Derzeit rumort es wieder im Zusammenhang mit dem
Entwurf des „Jahressteuergesetzes 2010“. Die verschiedenen
Gesetzentwürfe sehen Modifizierungen bis hin zur
gänzlichen Abschaffung der Selbstanzeige vor. Droht das
Ende der Selbstanzeige? Und vor allem wann? Jahreswechsel
sind bekanntermaßen kritische Zeitpunkte für
Rechtsänderungen. Wer sich mit dem Gedanken einer
Selbstanzeige trägt, sollte dies bedenken. Sicher ist: es
wird nicht einfacher.
Mehr zu den Gesetzentwürfen
Massive Verschärfung der
Selbstanzeigeregelungen
Im Mai 2010 hat der Bundesgerichtshof die Möglichkeit
zur strafbefreienden Selbstanzeige massiv verschärft und
vor allem der "Teilselbstanzeige" den Garaus bereitet.
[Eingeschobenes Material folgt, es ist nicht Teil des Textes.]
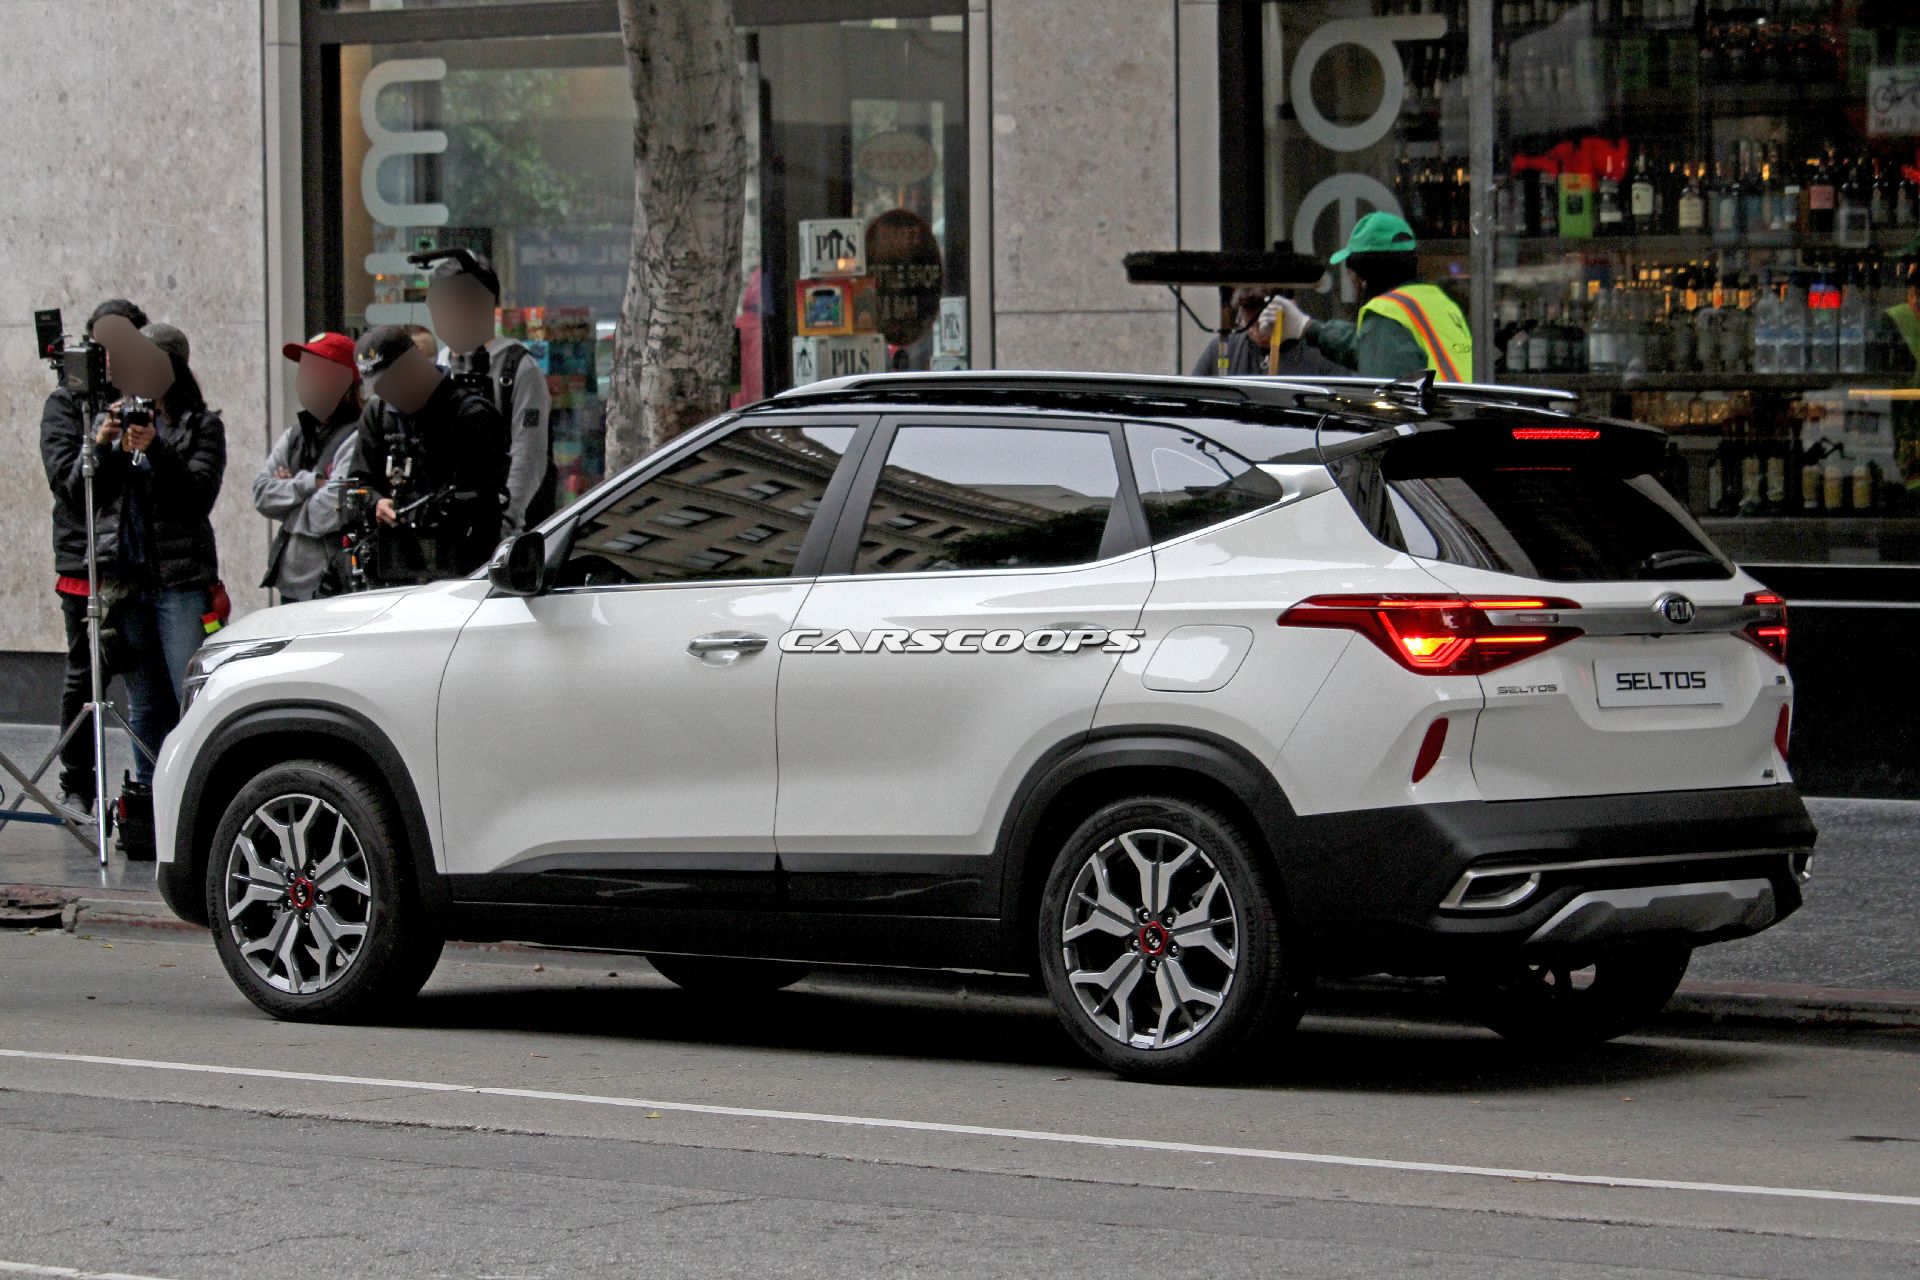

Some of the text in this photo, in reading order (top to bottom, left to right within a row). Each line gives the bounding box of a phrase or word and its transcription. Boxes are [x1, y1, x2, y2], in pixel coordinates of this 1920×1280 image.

[1668, 601, 1694, 620] KIA
[1497, 684, 1558, 696] SELTOS
[1616, 671, 1707, 691] SELTOS
Zögert die Politik mit der Abschaffung der Selbstanzeige
noch (vielleicht aufgrund der auch im
Parteispendenrecht bestehenden Selbstanzeigemöglichkeit?),
so hat der BGH bereits gehandelt - möglicherweise, um
die Politik zu mobilisieren. Rechtspolitisch fraglich ist,
ob dieses Ziel einen solchen Verstoß gegen den Grundsatz
der Gewaltenteilung legitimiert und dies dem
Bundesgerichtshof zusteht - dort zweifelt man daran
offenbar nicht.
Mehr dazu
Chancen u. Risiken einer Selbstanzeige
Trotz aller politischen Dikussionen:
Noch gibt es die Selbstanzeige.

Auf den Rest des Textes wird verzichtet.